» What is being asked
Write the records out exactly as they read, but not the pictures.

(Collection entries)

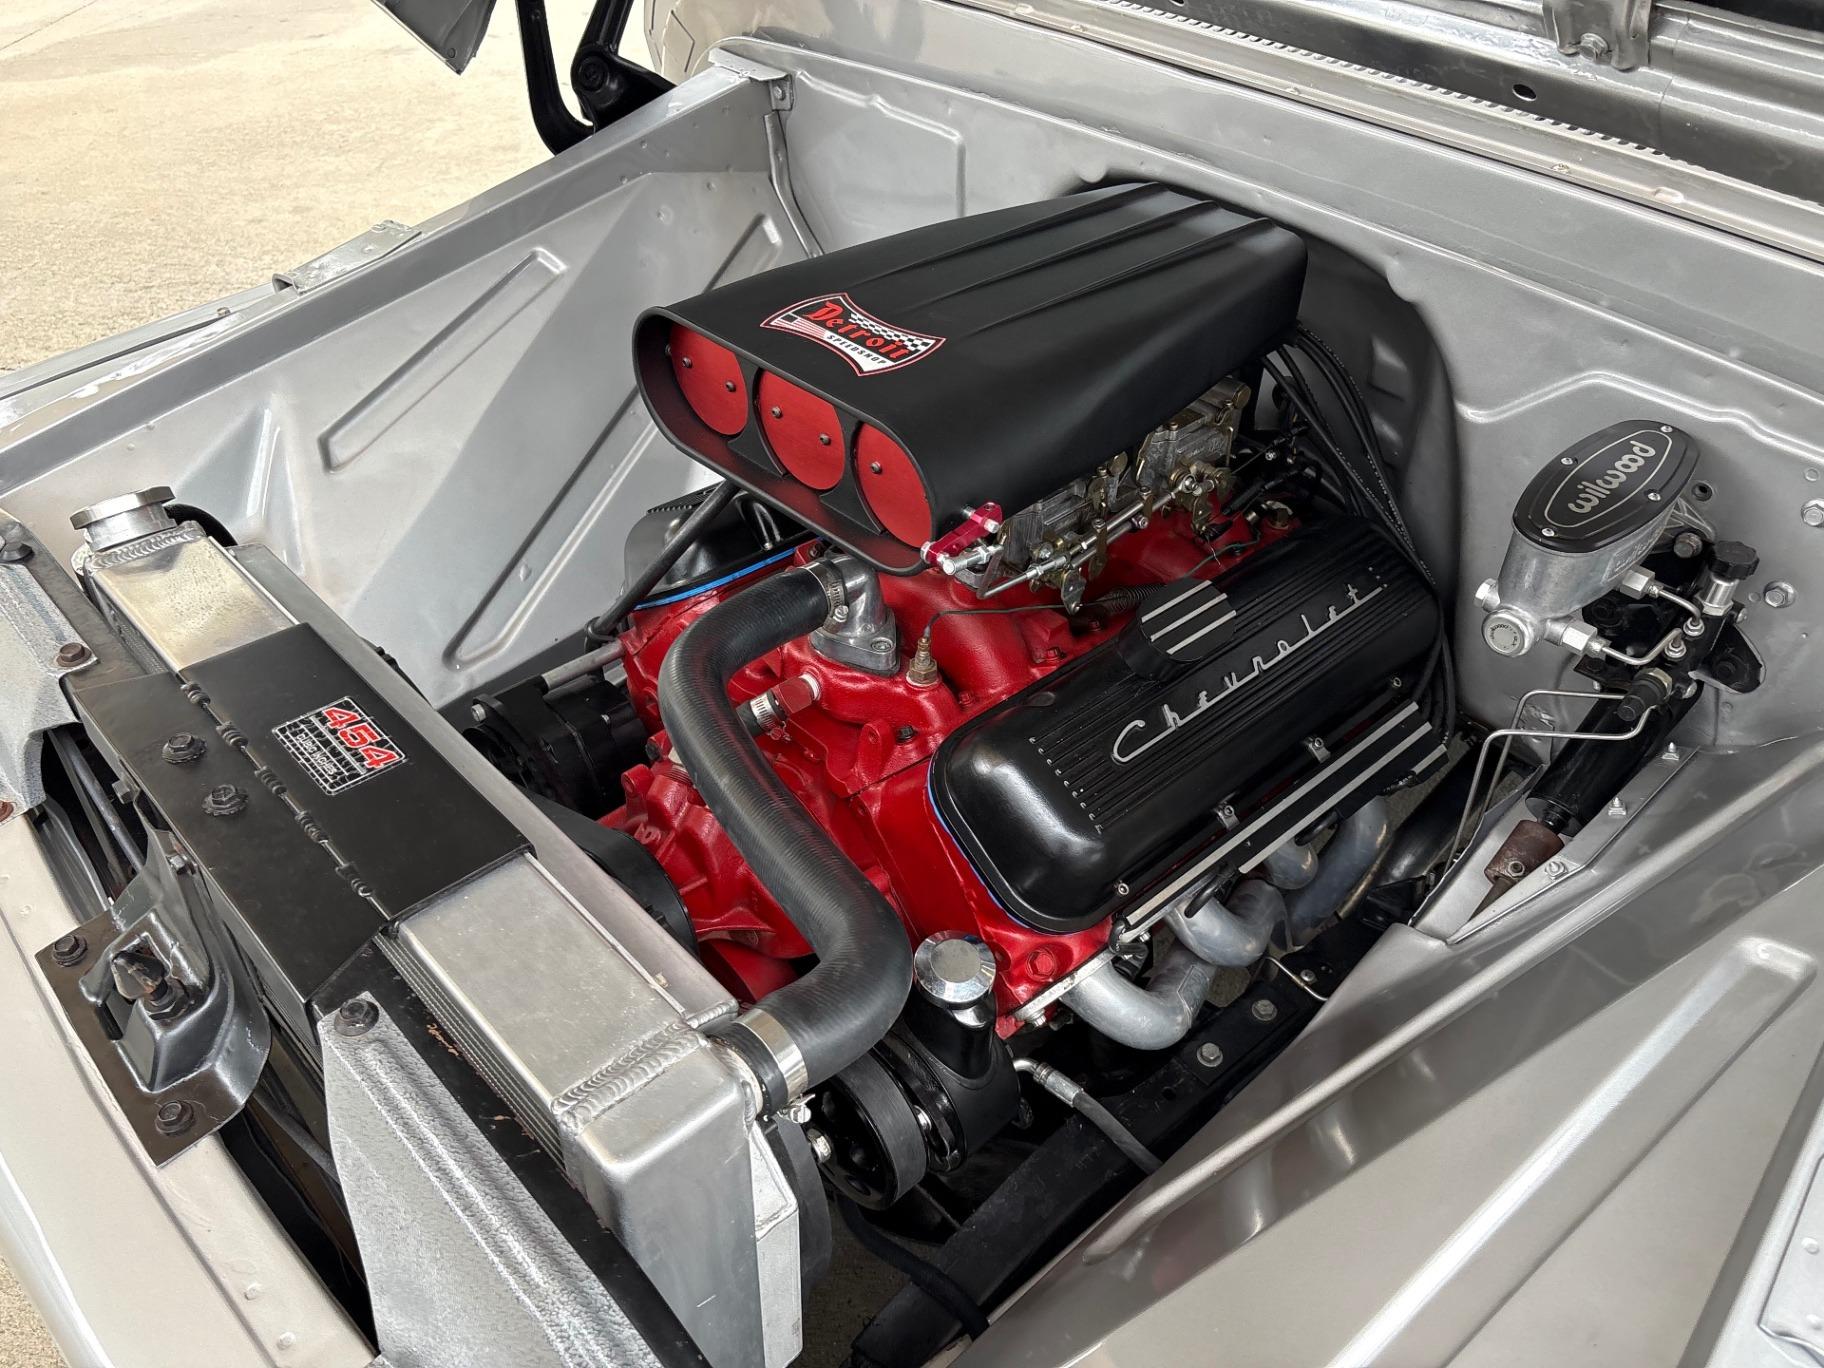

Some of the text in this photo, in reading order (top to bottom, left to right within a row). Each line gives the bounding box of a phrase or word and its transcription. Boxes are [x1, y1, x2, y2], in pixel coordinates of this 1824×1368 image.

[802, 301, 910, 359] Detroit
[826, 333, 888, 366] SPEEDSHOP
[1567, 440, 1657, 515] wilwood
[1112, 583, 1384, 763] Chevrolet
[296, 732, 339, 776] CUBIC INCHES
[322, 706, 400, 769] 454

» Task output
Some of the text in this photo, in reading order (top to bottom, left to right within a row). Each line gives the bounding box of a phrase or word and its transcription. Boxes are [x1, y1, x2, y2], in pixel coordinates of this 1824×1368 image.

[802, 301, 910, 359] Detroit
[826, 333, 888, 366] SPEEDSHOP
[1567, 440, 1657, 515] wilwood
[1112, 583, 1384, 763] Chevrolet
[296, 732, 339, 776] CUBIC INCHES
[322, 706, 400, 769] 454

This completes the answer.